Living well here has always been the art of making do in emotional as well as material ways. Traditionally, at least, ranch life has gone against materialism and has stood for the small achievements of the human conjoined with the animal, and the simpler pleasures—like listening to the radio at night or picking out constellations. The toughness I was learning was not a martyred doggedness, a dumb heroism, but the art of accommodation. I thought: to be tough is to be fragile; to be tender is to be truly fierce.
In June I moved again—all the way across the Basin to a rambling house near a town of fifty, “including the dead ones.” Though the rightness of anything had long since vanished, I had a chemical reaction to this old-fashioned ranching community. I was loved, hated, flirted with, to
lerated. I fitted in. The post office, miniature-sized and adorned with deer antlers, provided a hitchrail out front. I rode my horse there every day. Mail was handed out in person by a postmaster who had a haggard, beaten look. He once stood in the middle of the road, trying to shoot a crop duster’s plane out of the sky.

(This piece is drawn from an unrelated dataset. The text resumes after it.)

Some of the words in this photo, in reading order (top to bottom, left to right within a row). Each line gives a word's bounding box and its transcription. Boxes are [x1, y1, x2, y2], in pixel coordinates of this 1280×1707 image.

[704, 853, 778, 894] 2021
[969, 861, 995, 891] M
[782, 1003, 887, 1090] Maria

Across the street a gorgeous, ramshackle stone building housed the general store where the selection of undusted canned goods was spotty, and peeling green paint fell on customers like snow. The entire north end was a majestic mullioned window comparable to any in a Parisian atelier. A big copper-colored dog named Bum ruled the roost, and the proprietors, oddly mismatched, were generous and convivial. They were native anarchists, showing no interest in false appearances, orderliness, or the art of making money.

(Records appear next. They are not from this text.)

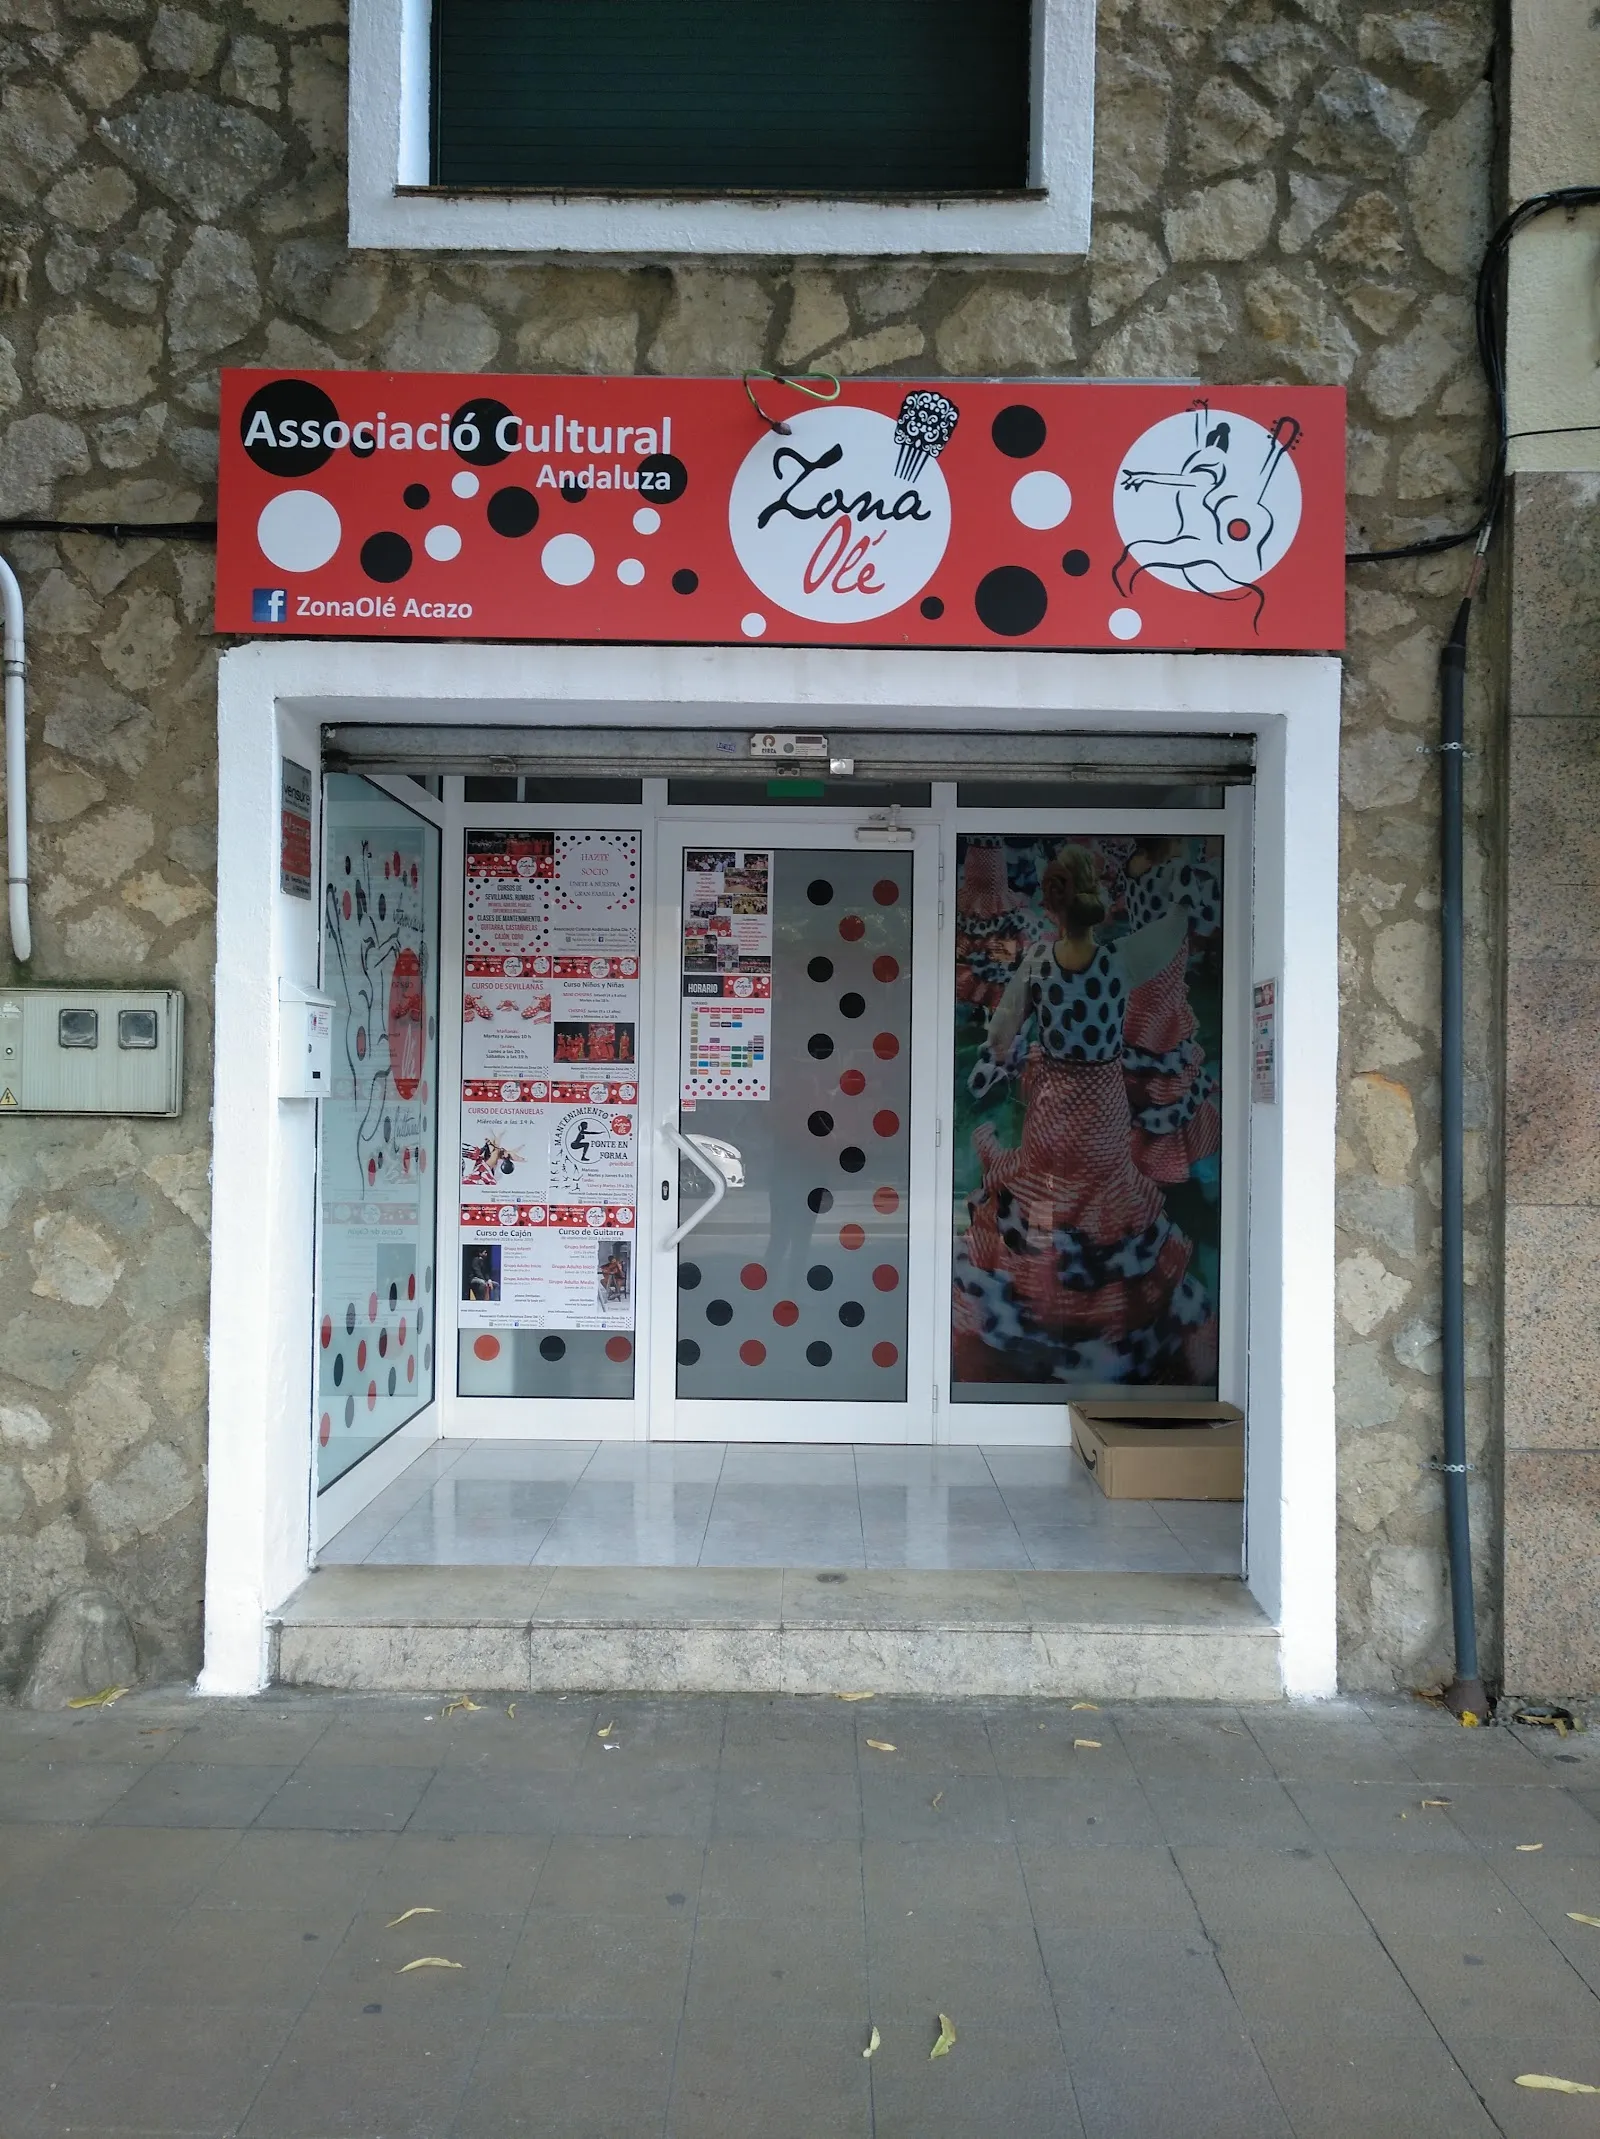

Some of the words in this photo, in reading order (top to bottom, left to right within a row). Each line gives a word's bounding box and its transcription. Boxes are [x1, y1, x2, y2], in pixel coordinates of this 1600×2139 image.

[243, 410, 482, 452] Associació
[495, 414, 672, 455] Cultural
[536, 464, 671, 491] Andaluza
[757, 443, 931, 529] Zona
[803, 515, 887, 596] Olé
[296, 595, 396, 619] ZonaOlé
[402, 597, 473, 620] Acazo
[472, 982, 493, 990] CURSO
[495, 982, 504, 990] DE
[505, 982, 544, 990] SEVILLANAS
[688, 983, 718, 994] HORARIO
[554, 1107, 609, 1147] MANTENIMIENTO
[600, 1152, 628, 1160] FORMA
[510, 1230, 532, 1238] Cajón

Above town on a sage-covered bench I was told a hermit lived in the low-slung house that faced the mountains. He was a painter but kept his windows covered with army blankets, afraid not of seeing but of being seen. I visited him one day. The stench inside the house was of billy goats, dead mice, and unaired emotions. He sat on the floor with his head in his hands, but his lilting, ethereal voice lightened the squalor of the rooms. His bed was a narrow plank blanketed with torn overcoats; hanging from the ceiling by a piece of barbed wire were a baseball bat and a paintbrush—icons, perhaps, of the battle he had taken up with the problems of imagination and survival.
I met Reyna and Pete, who lived in a tree-shrouded house next to the tiny cemetery. They had come north from Arizona to find ranch jobs. As soon as they moved in, a transformation took place: Reyna painted the mailbox purple, hung a canary cage from the eaves, and festooned dead tree branches with garlands of plastic flowers. Small, big-breasted, and vivacious, she told me she came from a poor family and went to work when she was twelve. “I’ve been everything,” she said. “I’ve slept on the dirt floors and also in the best houses. I’ve eaten just beans and the best steaks. That’s how I am. I know what the world is made of, and I still love all of it.” She met Pete when he was working horses at a racetrack. He had a gnarled, intense handsomeness and attributed his vigor to the potion of powdered rattlesnake skin he ate every day.